The shear deformation of the disk is approximately 4.774605 x 10⁻⁷ meters.
The student is asking about calculating the shear deformation of a disc representing a vertebral disk in the spine. The disc is subjected to a shearing force and has given dimensions and material properties. Using the formula for shear stress and deformation, we calculate shear deformation by dividing the applied force by the product of the shear modulus and the cross-sectional area.
To find the shear deformation (Δx), we use the shear stress formula:
τ = F/A
And the relationship between shear stress (τ), shear strain b, and shear modulus (S):
γ = τ/S
Here, F = 600 N is the force applied, Lo is the original height of the disk (0.007 m), and A is the cross-sectional area calculated from the given diameter (4.00 cm = 0.04 m) of the disk.

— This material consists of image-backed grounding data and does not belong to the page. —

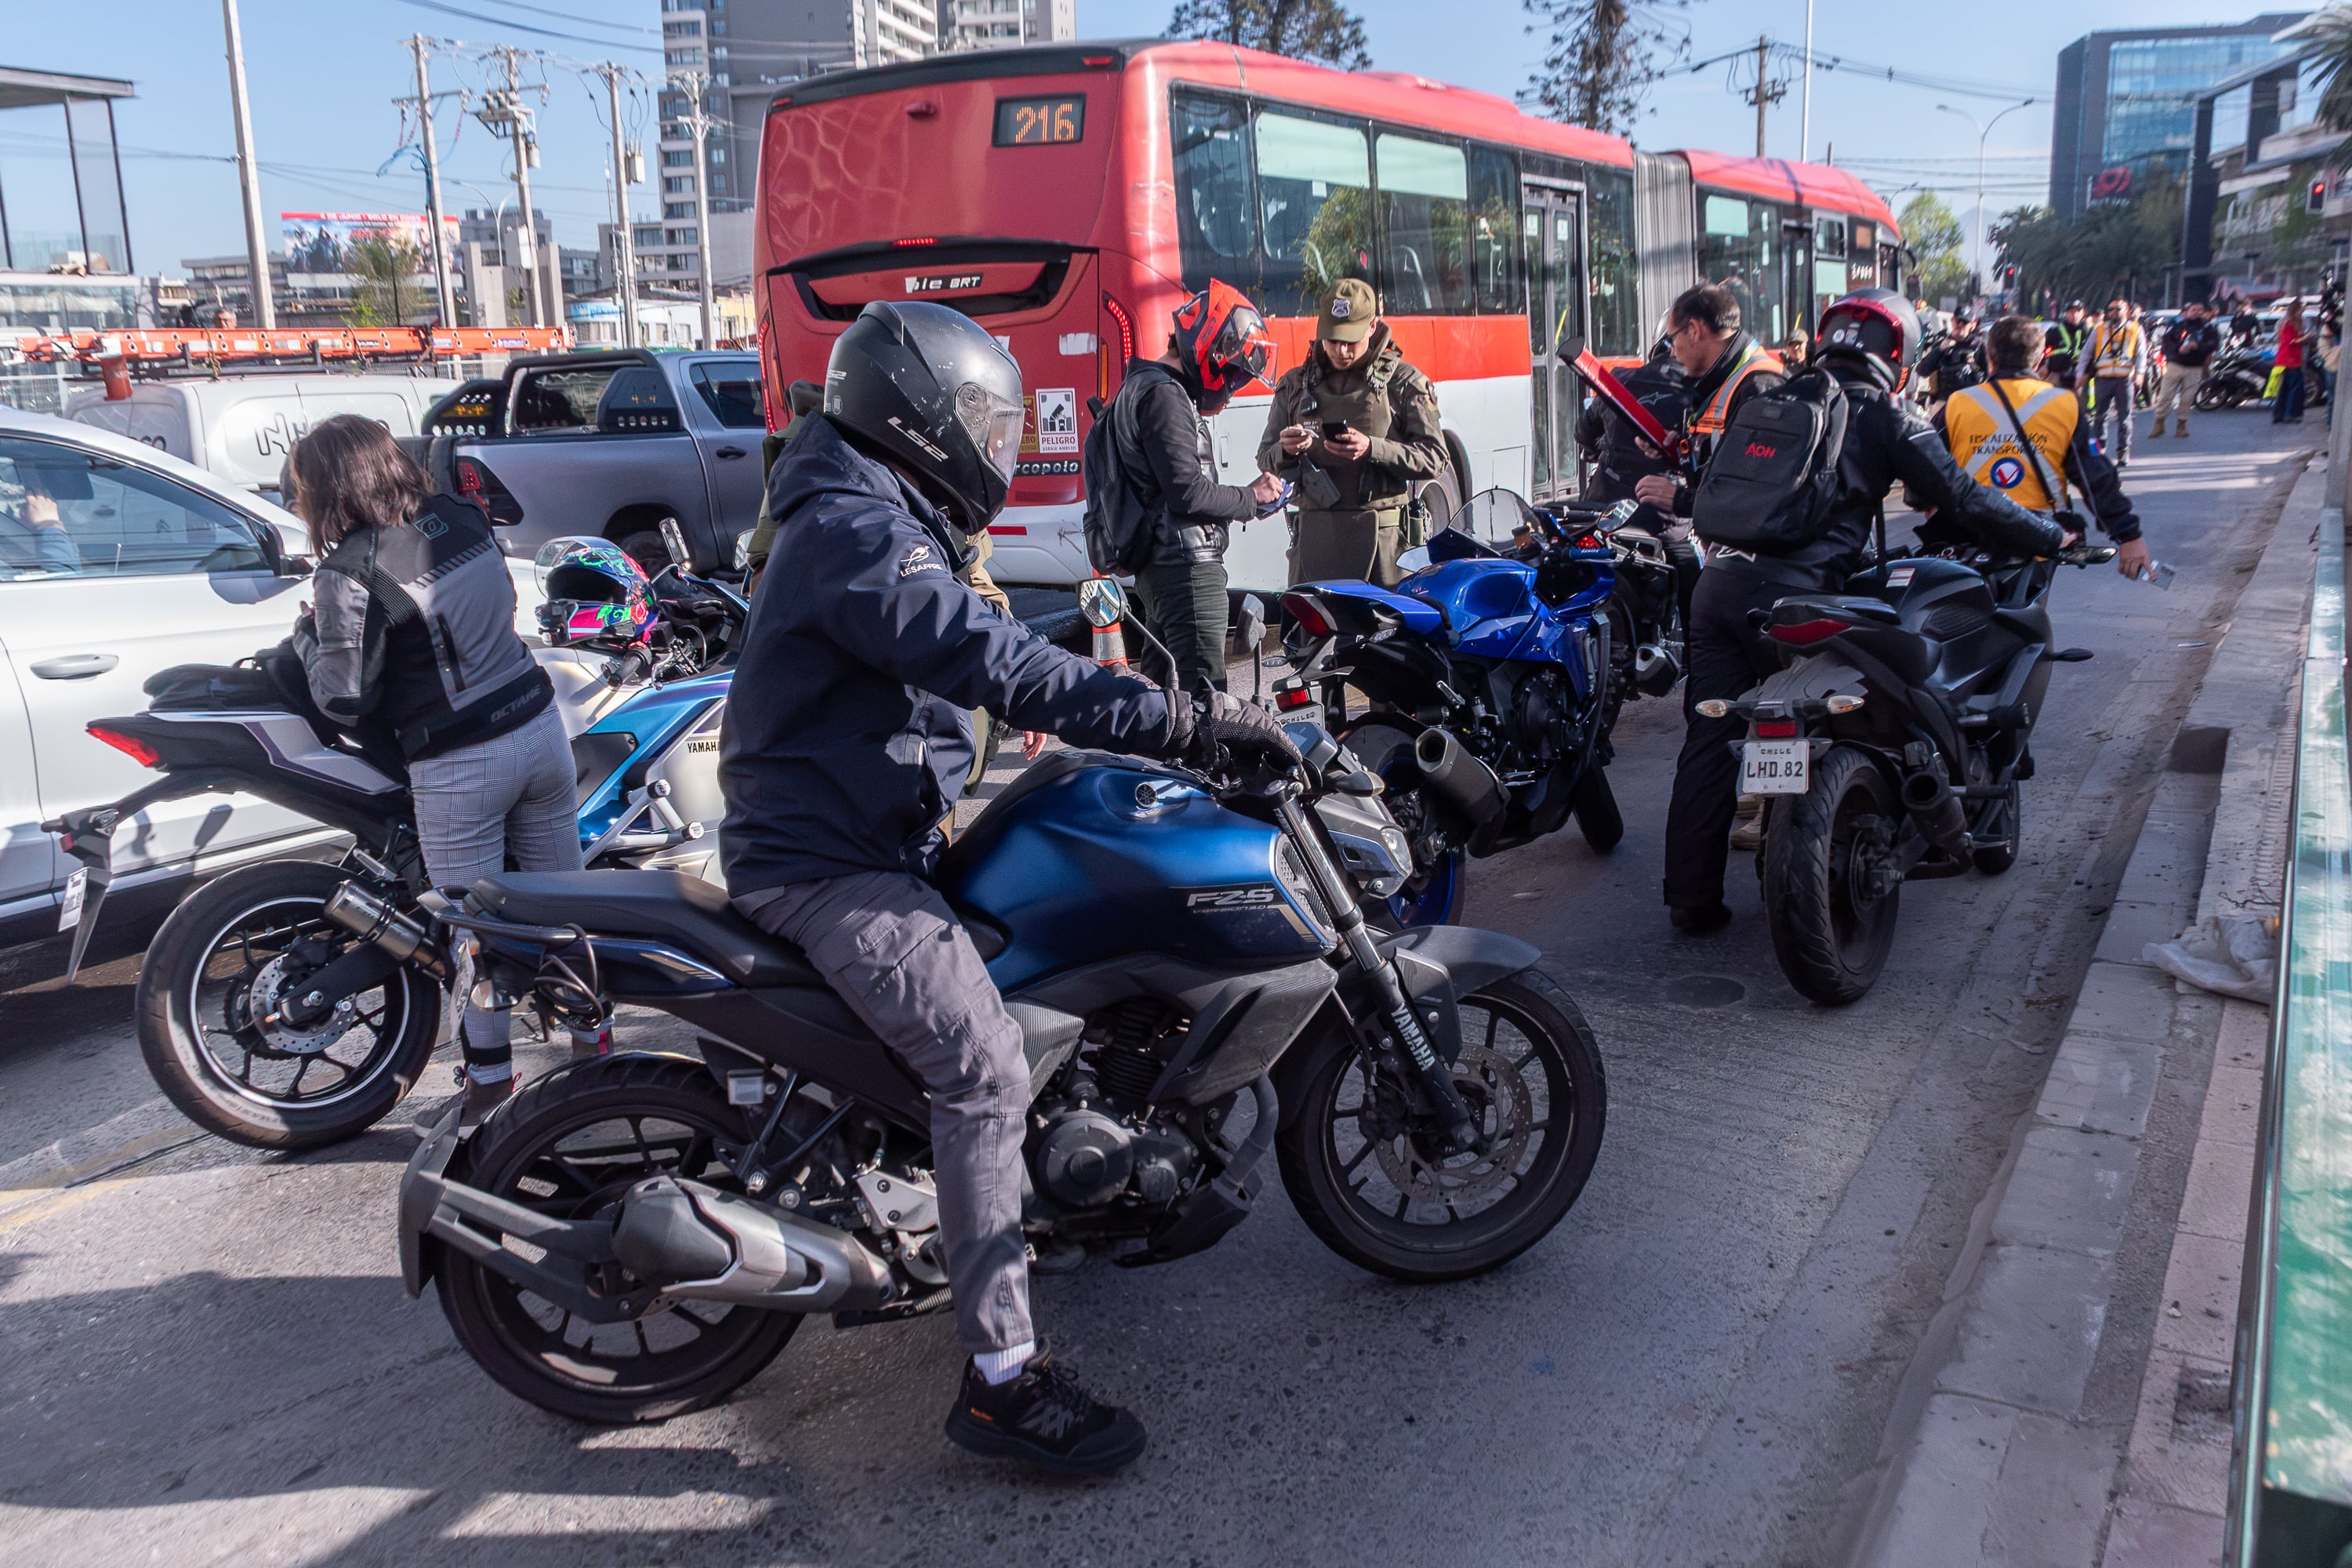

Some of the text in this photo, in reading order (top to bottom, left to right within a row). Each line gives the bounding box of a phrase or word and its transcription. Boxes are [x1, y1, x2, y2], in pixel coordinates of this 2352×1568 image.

[1015, 103, 1074, 143] 216
[949, 277, 981, 289] BRT
[887, 416, 949, 463] LS2
[1744, 442, 1777, 459] AON
[1014, 460, 1079, 475] rcopolo
[899, 563, 943, 578] LESAFFRE
[490, 683, 541, 722] OCTANE
[1286, 713, 1311, 724] CHILE
[1746, 760, 1803, 779] LHD.82
[1391, 1002, 1436, 1073] YAMAHA
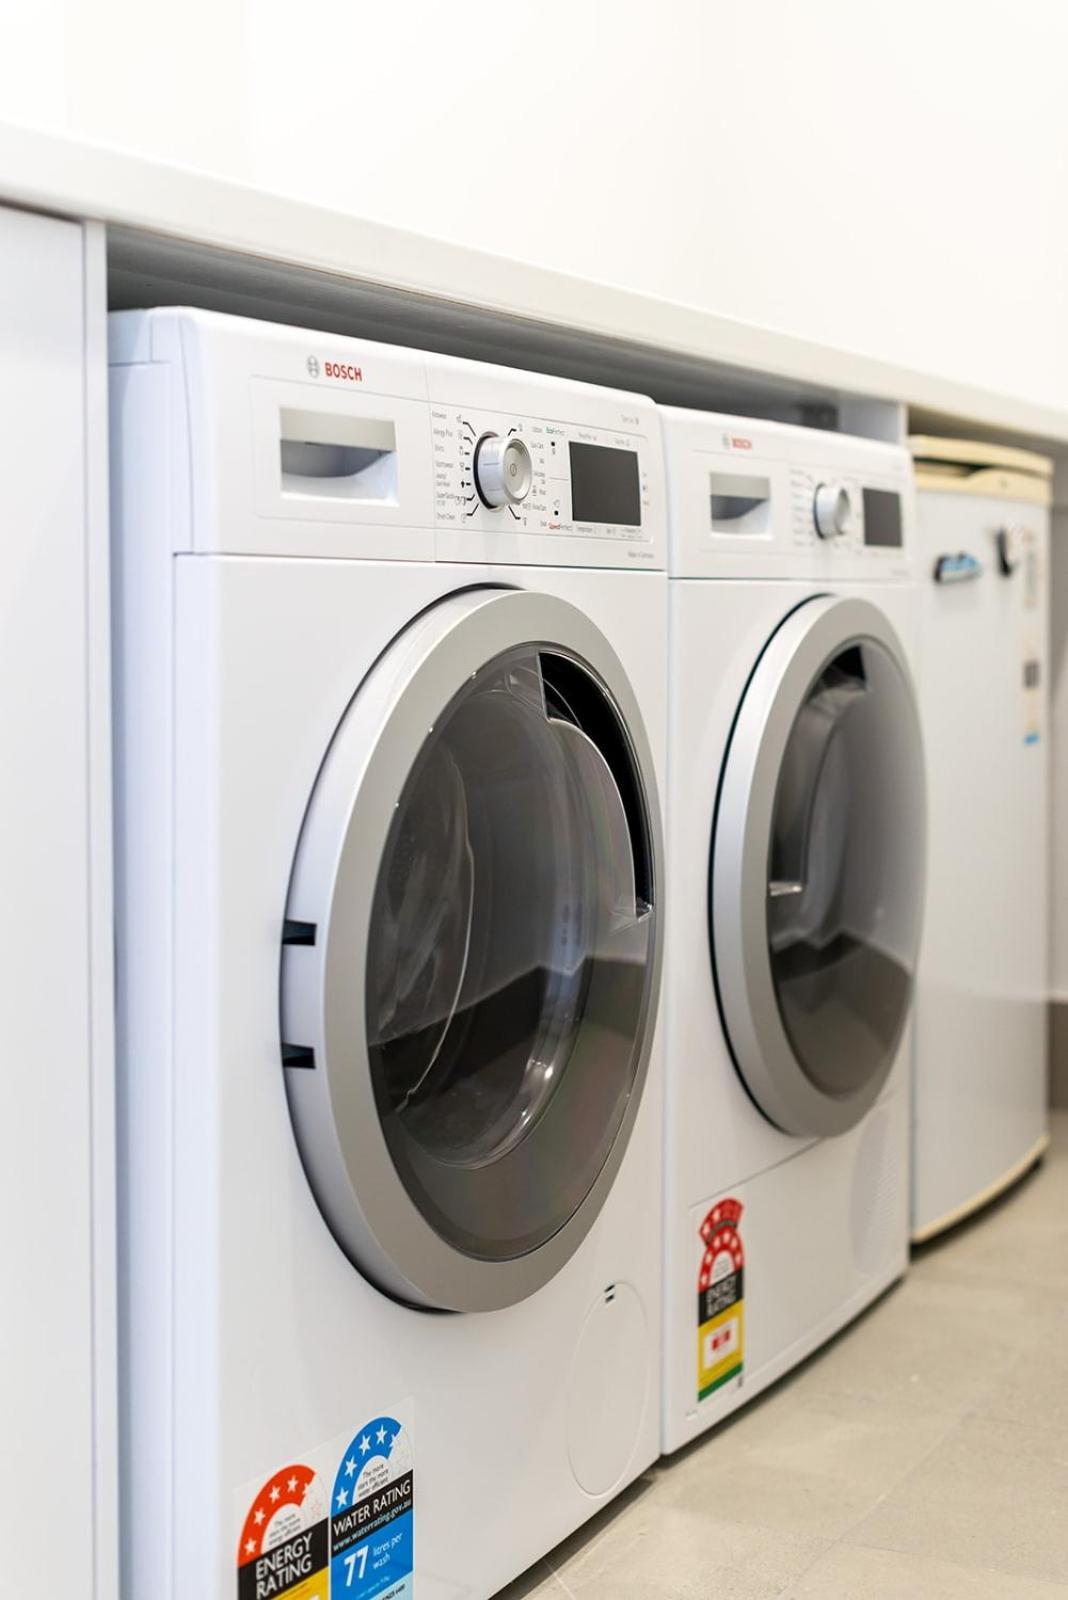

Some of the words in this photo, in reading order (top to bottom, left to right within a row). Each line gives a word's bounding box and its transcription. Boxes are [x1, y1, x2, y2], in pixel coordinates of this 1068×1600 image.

[324, 362, 363, 381] BOSCH
[333, 1504, 371, 1537] WATER
[373, 1479, 411, 1514] RATING
[333, 1498, 412, 1551] www.waterrating.gov.au
[255, 1532, 313, 1580] ENERGY
[256, 1553, 312, 1600] RATING
[344, 1544, 369, 1588] 77
[372, 1540, 391, 1557] litres
[391, 1532, 404, 1549] per
[372, 1552, 391, 1570] wash
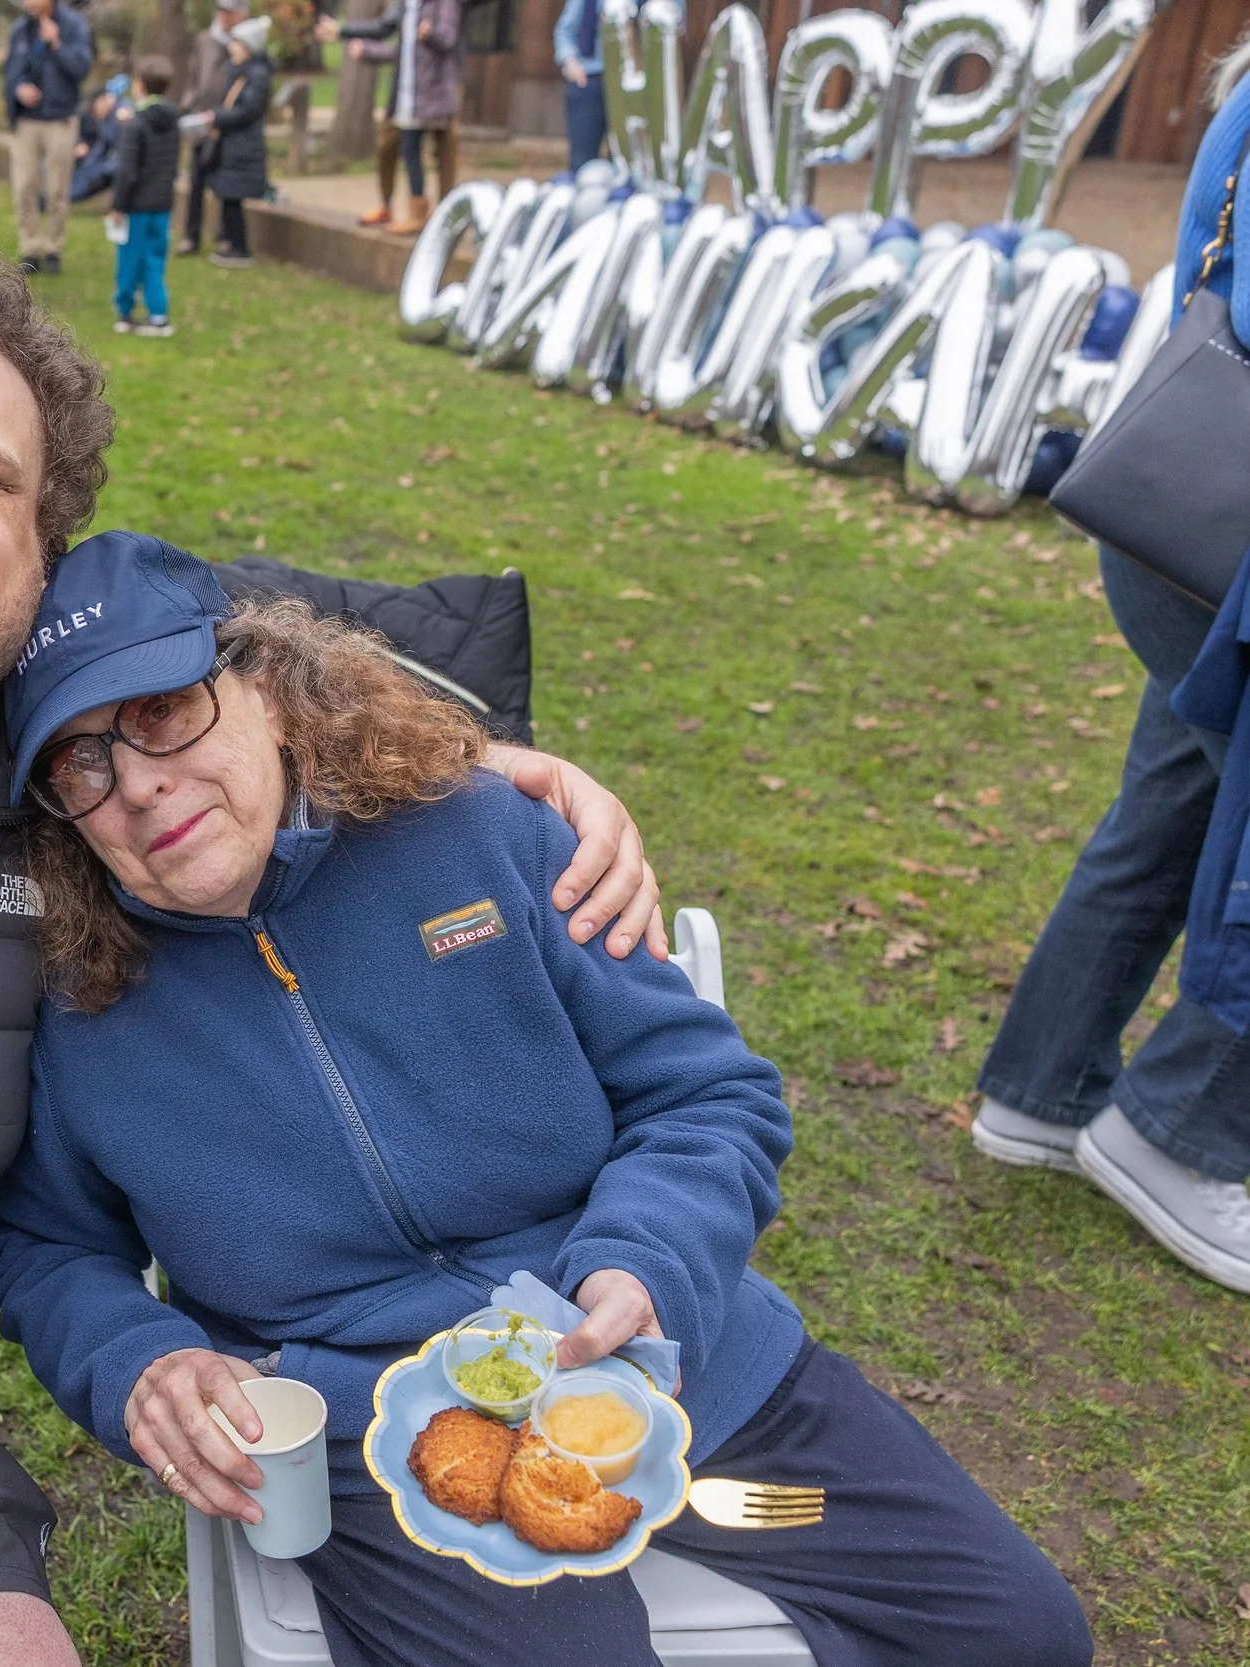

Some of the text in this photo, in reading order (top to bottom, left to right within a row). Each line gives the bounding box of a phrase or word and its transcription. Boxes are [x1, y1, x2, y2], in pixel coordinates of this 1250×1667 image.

The area, A, of a circle is πr², where r is the radius.
We first find the area, A, and then substitute τ = F/A into the second formula to find Δx (shear deformation).
Using these equations:
- R = d/2 = 0.04 m / 2 = 0.02 m
- A = π(0.02 m)² = π(0.0004 m²)
- A ≈ 1.2566 x 10⁻³ m²
- τ = F/A = 600 N / 1.2566 x 10⁻³ m²
- τ ≈ 477460.5 N/m²
- Δx = τ/S = 477460.5 N/m² / 1 x 10⁹ N/m²
- Δx ≈ 4.774605 x 10⁻⁷ m
The shear deformation of the disk is approximately 4.774605 x 10⁻⁷ meters.